Pohmer’s predictions for 2005
PREDICTION New growing areas (i.e. Mexico, Vietnam and even China), especially for cut flowers, will start penetrating the U.S. market, causing further competitive/cost challenges to growers from current markets, exacerbating the supply/demand balance. Price will become an even more important component of the negotiating process until we can
start focusing on building consumption.

PREDICTION Because of some of the recent problems experienced with viruses and bacteria on imported products, there will be a movement toward more governmental controls and standards to monitor imported products.

PREDICTION As an industry, floriculture will finally start to take steps to focus on building consumption of our products. These efforts may include new research into consumer purchasing behaviors and barriers; cooperative efforts between channels and
segments; and more support for generic, non-price-focused consumer promotion and education.

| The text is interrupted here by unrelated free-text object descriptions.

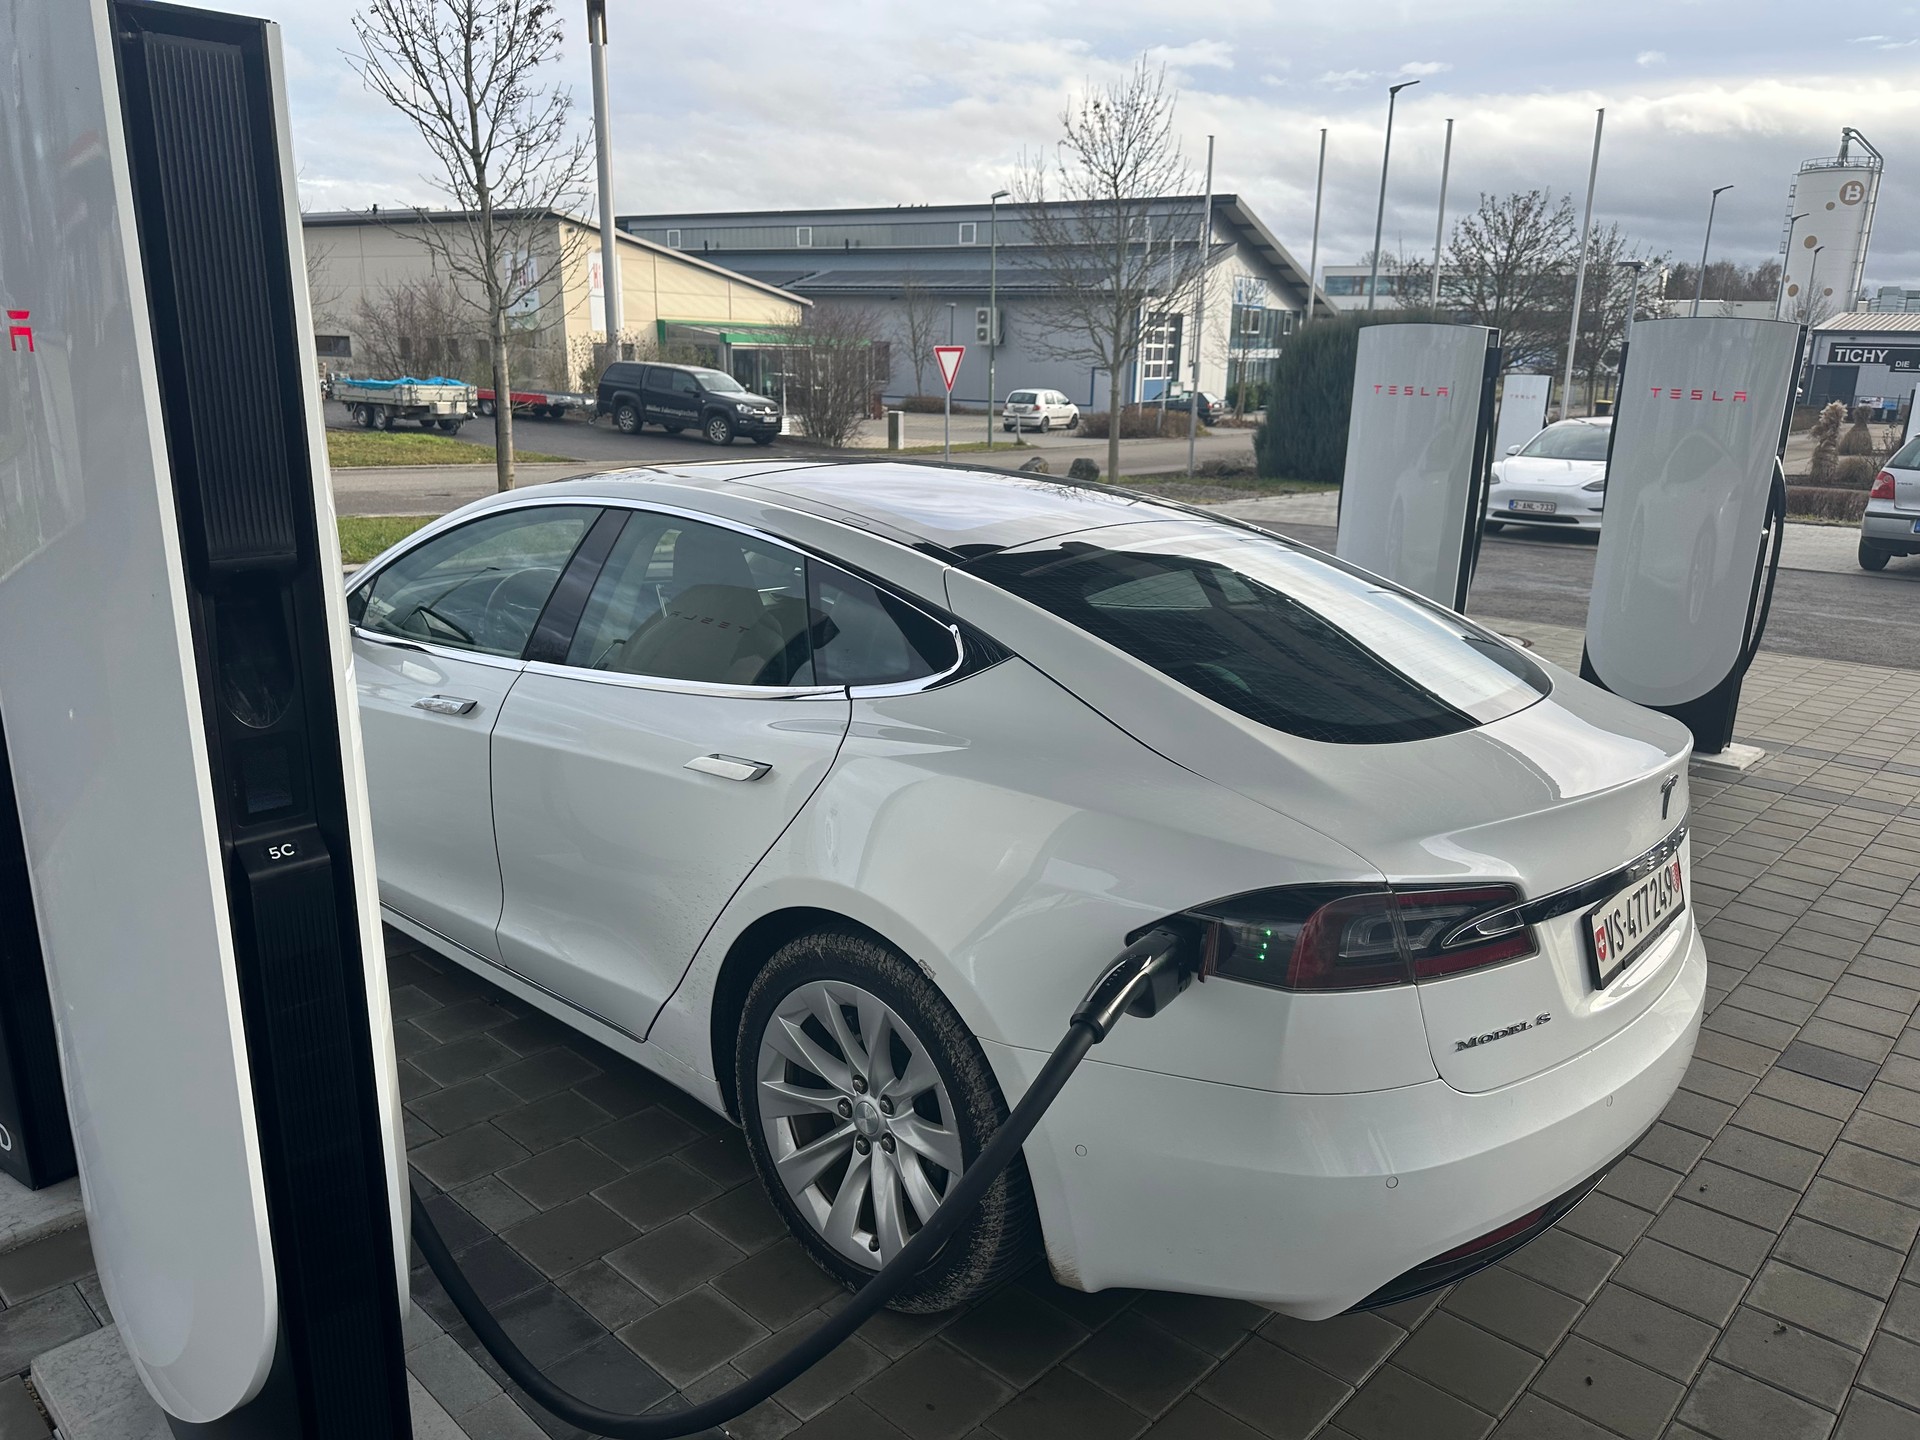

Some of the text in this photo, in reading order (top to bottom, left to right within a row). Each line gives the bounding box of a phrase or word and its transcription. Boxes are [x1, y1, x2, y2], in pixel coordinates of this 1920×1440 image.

[1835, 349, 1889, 363] TICHY
[1895, 360, 1911, 368] DIE
[1373, 385, 1449, 397] TESLA
[1650, 387, 1748, 402] TESLA
[269, 843, 295, 860] 5C
[1455, 1011, 1551, 1052] MODEL S

PREDICTION Growers, whether they are playing in the “pay by scan” game or not, will begin to better understand the retail process and develop programs and services beyond just providing products.

PREDICTION On the retail level, the supermarket channel will ramp up its consolidation efforts, the warehouse clubs (e.g. Sam’s Club and Costco) will expand their floral offerings and Kmart/Sears will close garden centers as they convert Kmart stores to the Sears Grand strategy and sell off/close more real estate.

Stan Pohmer’s predictions for 2004

PREDICTION The focus on price value will continue to grow and dictate retailer assortments and pricing, especially in the mass markets.
GRADE Unfortunately, an A+.

PREDICTION Larger growers will find themselves partnered with single large retailers, creating high risk.
COMMENTS The advent of “pay by scan” will force this as a reality, but the challenge is real, too. Just ask some of the former Frank’s Nursery & Crafts suppliers.

PREDICTION As “pay by scan” gets more discussion and payroll pressures at retail become more challenging, suppliers will be asked to take on more in-store activities and absorb more of the financial risks.
COMMENTS Although the concept didn’t roll out in 2004, the discussions have forced suppliers to start the “learning curve” and get set for the rollout in 2005.

PREDICTION Geographic affinity groups and their suppliers will partner with some of the industry’s existing consumer marketing efforts to help increase consumption.
COMMENTS The Connecticut and Michigan state floral associations partnered with the Flower Promotion Organization in 2004. But as an industry, we haven’t yet embraced the understanding that we all need to focus on the consumer to build consumption.

PREDICTION There will be a consolidation of growers, and the smaller ones that specialize on higher production crops will prosper, but the smaller ones that try to compete
against the mega growers will fail.
COMMENTS The mega growers continue to take business from the smaller, non-differentiated producers, but other smaller growers have banded together to market cooperatively (e.g. VIVA! branded plants).